[Images for object localization]

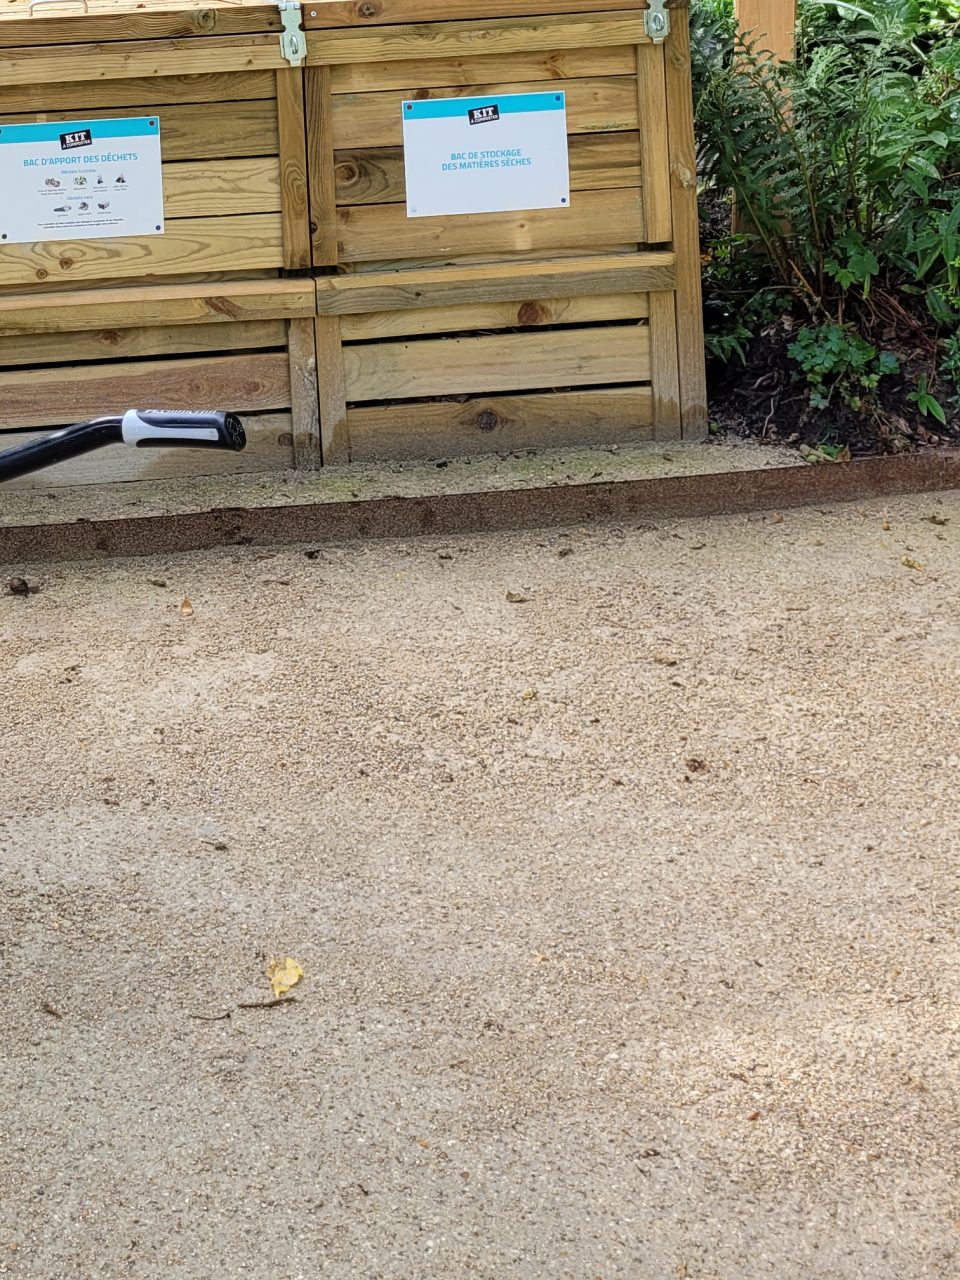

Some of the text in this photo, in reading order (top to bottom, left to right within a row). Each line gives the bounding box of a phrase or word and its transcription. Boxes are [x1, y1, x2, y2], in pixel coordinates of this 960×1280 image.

[472, 107, 494, 119] KIT
[64, 131, 87, 144] KIT
[23, 152, 138, 167] BAC D'APPORT DES DÉCHETS
[450, 149, 522, 161] BAC DE STOCKAGE
[442, 157, 532, 171] DES MATIÈRES SÈCHES
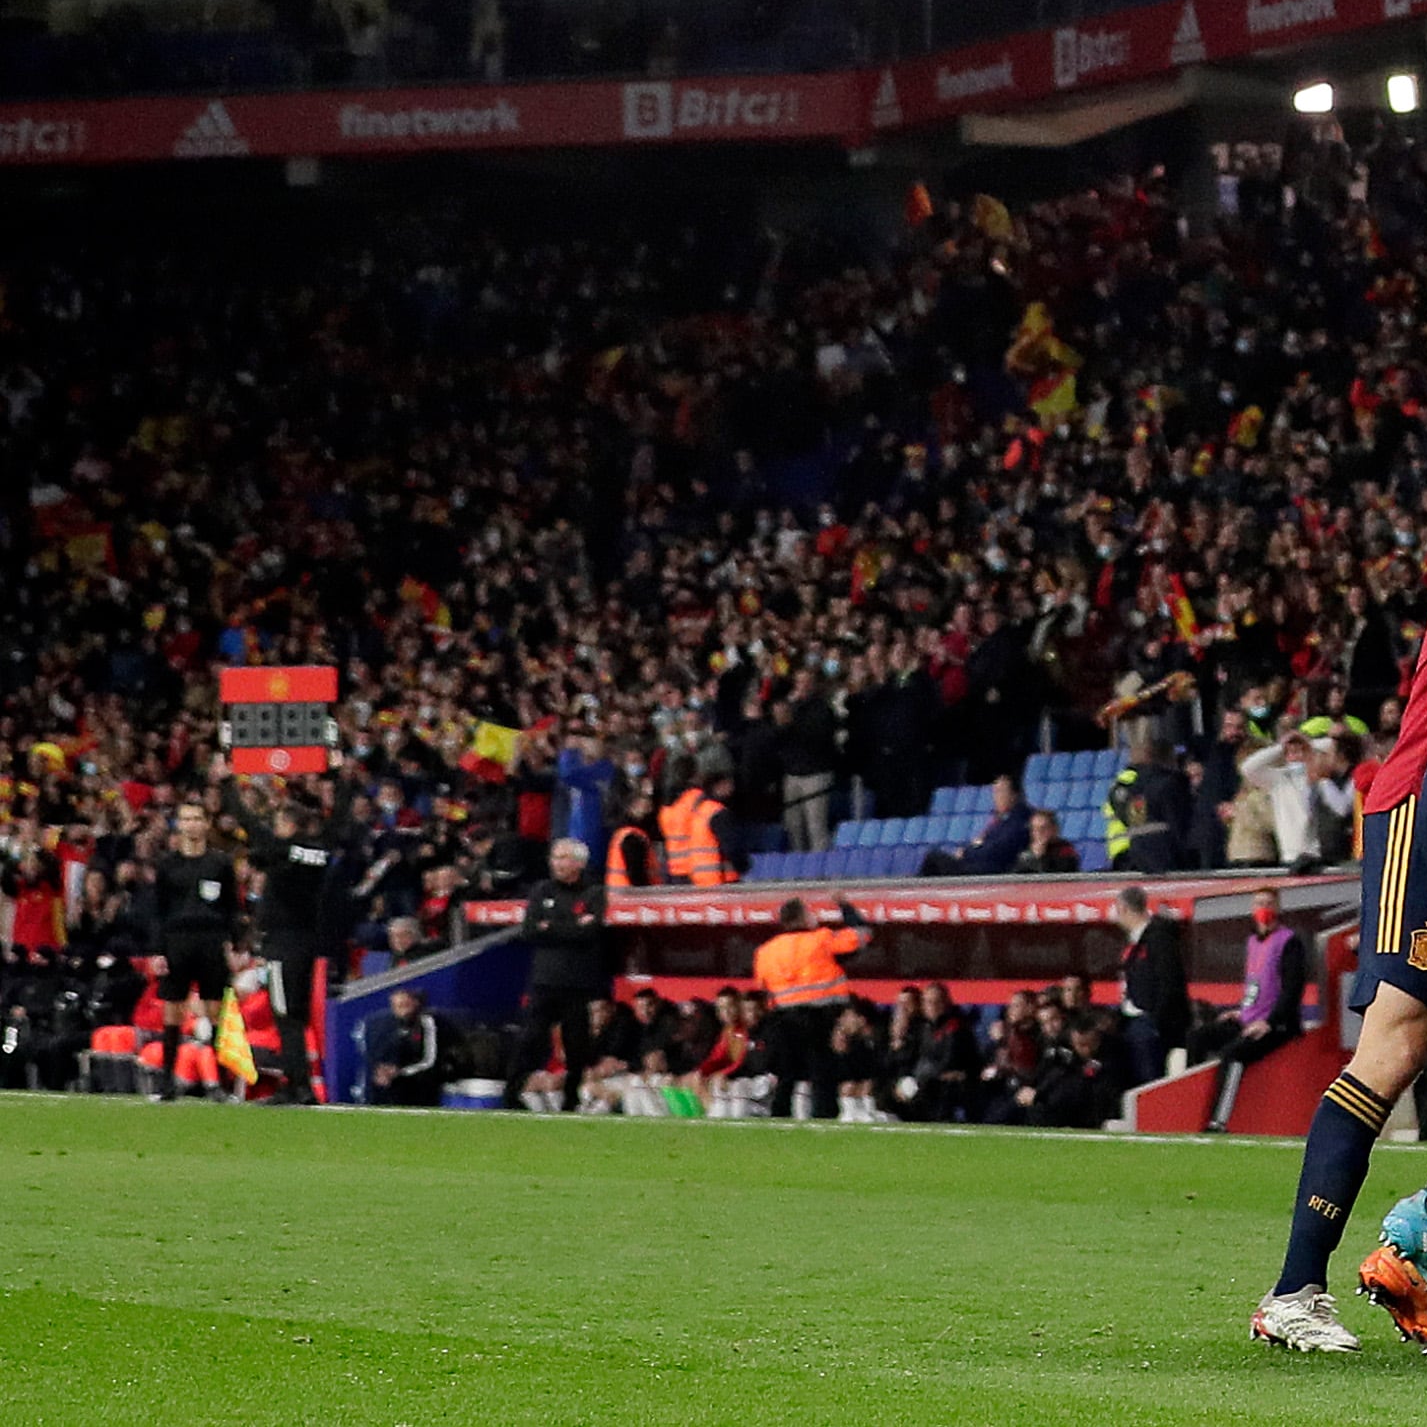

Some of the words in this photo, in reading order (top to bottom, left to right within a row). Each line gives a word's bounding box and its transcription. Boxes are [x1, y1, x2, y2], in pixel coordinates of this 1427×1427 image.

[339, 99, 520, 137] finetwork
[678, 89, 780, 127] Bitci
[1308, 1195, 1342, 1221] RFEF
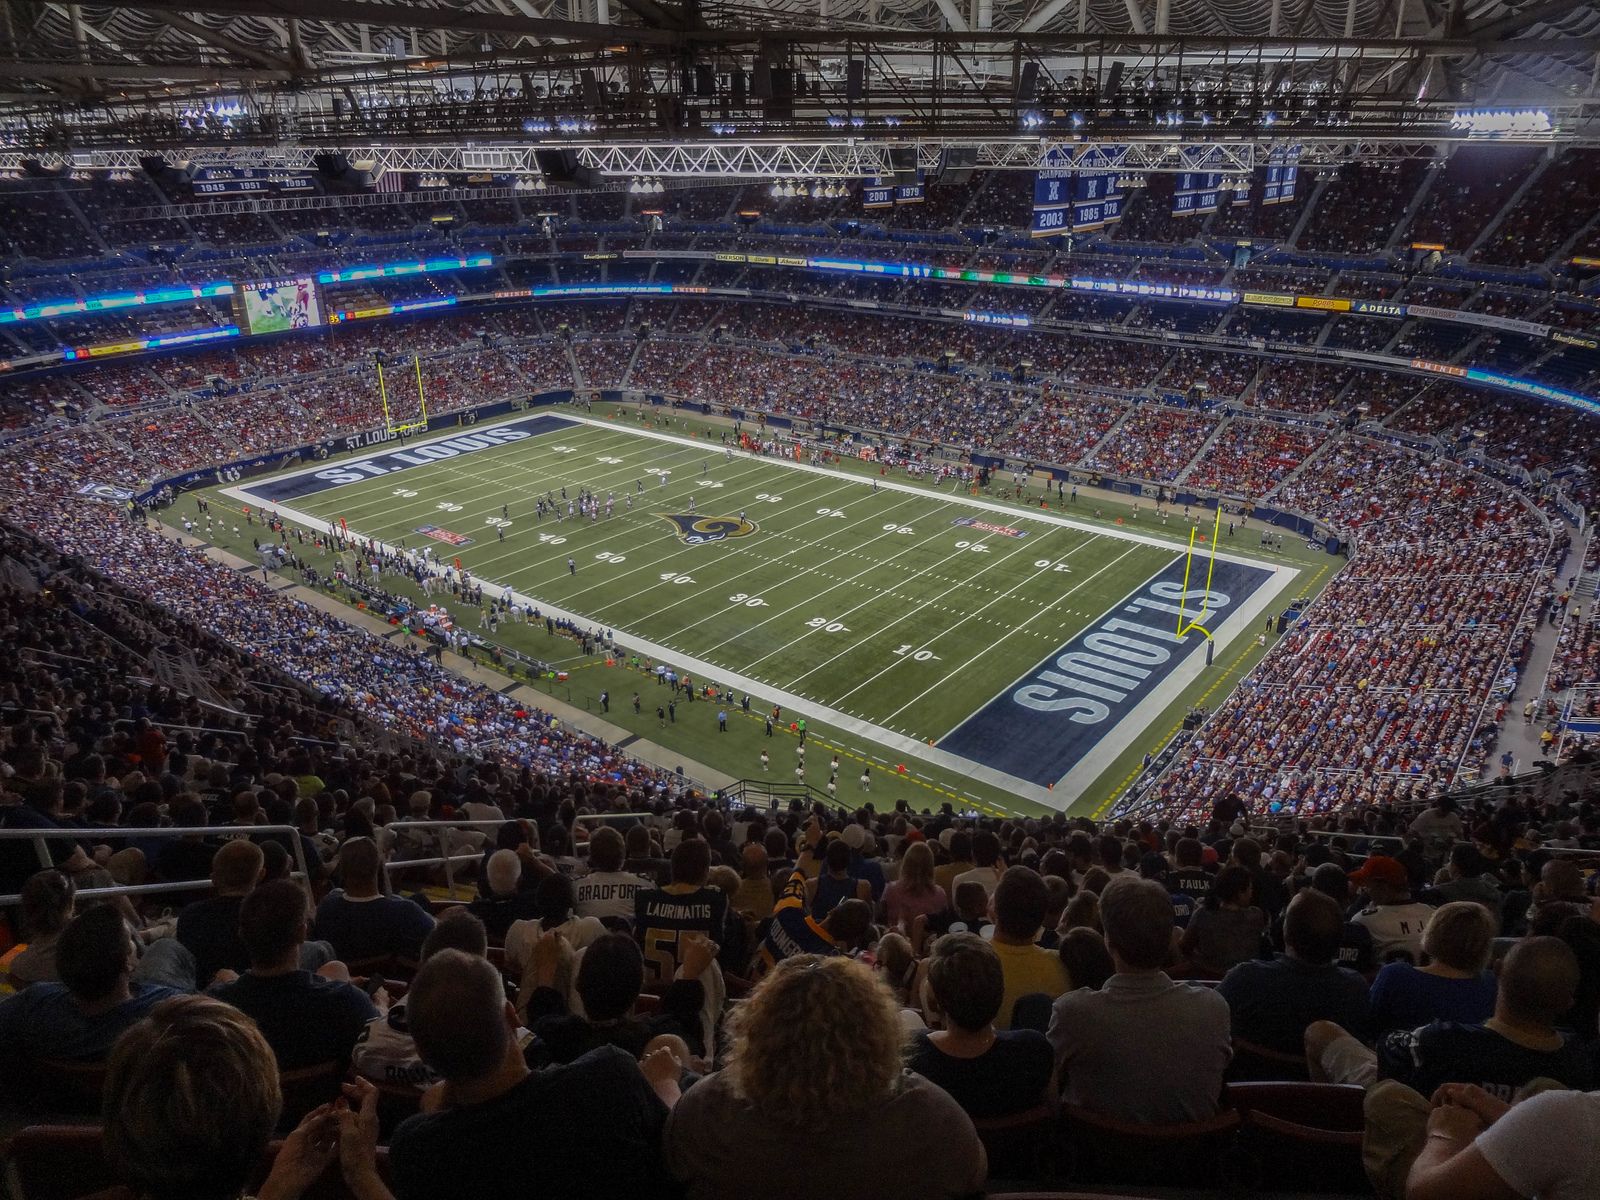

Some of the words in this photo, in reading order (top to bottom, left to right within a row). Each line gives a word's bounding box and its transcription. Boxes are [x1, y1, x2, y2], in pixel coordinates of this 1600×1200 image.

** PROBLEM TO WORK ON **
Verbatim copy, images excluded: transcribe all the entries above.

** ANSWER BOX **
Some of the text in this photo, in reading order (top to bottom, left to right within a row). Each line gives the bounding box of a phrase or word and its transcription. Boxes are [x1, y1, x2, y2], in pixel coordinates of this 960×1280 image.

[472, 107, 494, 119] KIT
[64, 131, 87, 144] KIT
[23, 152, 138, 167] BAC D'APPORT DES DÉCHETS
[450, 149, 522, 161] BAC DE STOCKAGE
[442, 157, 532, 171] DES MATIÈRES SÈCHES

Some of the words in this photo, in reading order (top to bottom, left to right within a row). Each line gives a word's bounding box and its transcription. Boxes are [x1, y1, x2, y2], in pixel coordinates of this 1427×1427 image.

[339, 99, 520, 137] finetwork
[678, 89, 780, 127] Bitci
[1308, 1195, 1342, 1221] RFEF

Some of the words in this photo, in reading order (top to bottom, left to right within a row). Each line gives a word's bounding box and its transcription. Boxes are [x1, y1, x2, y2], in pixel coordinates of this 1600×1200 image.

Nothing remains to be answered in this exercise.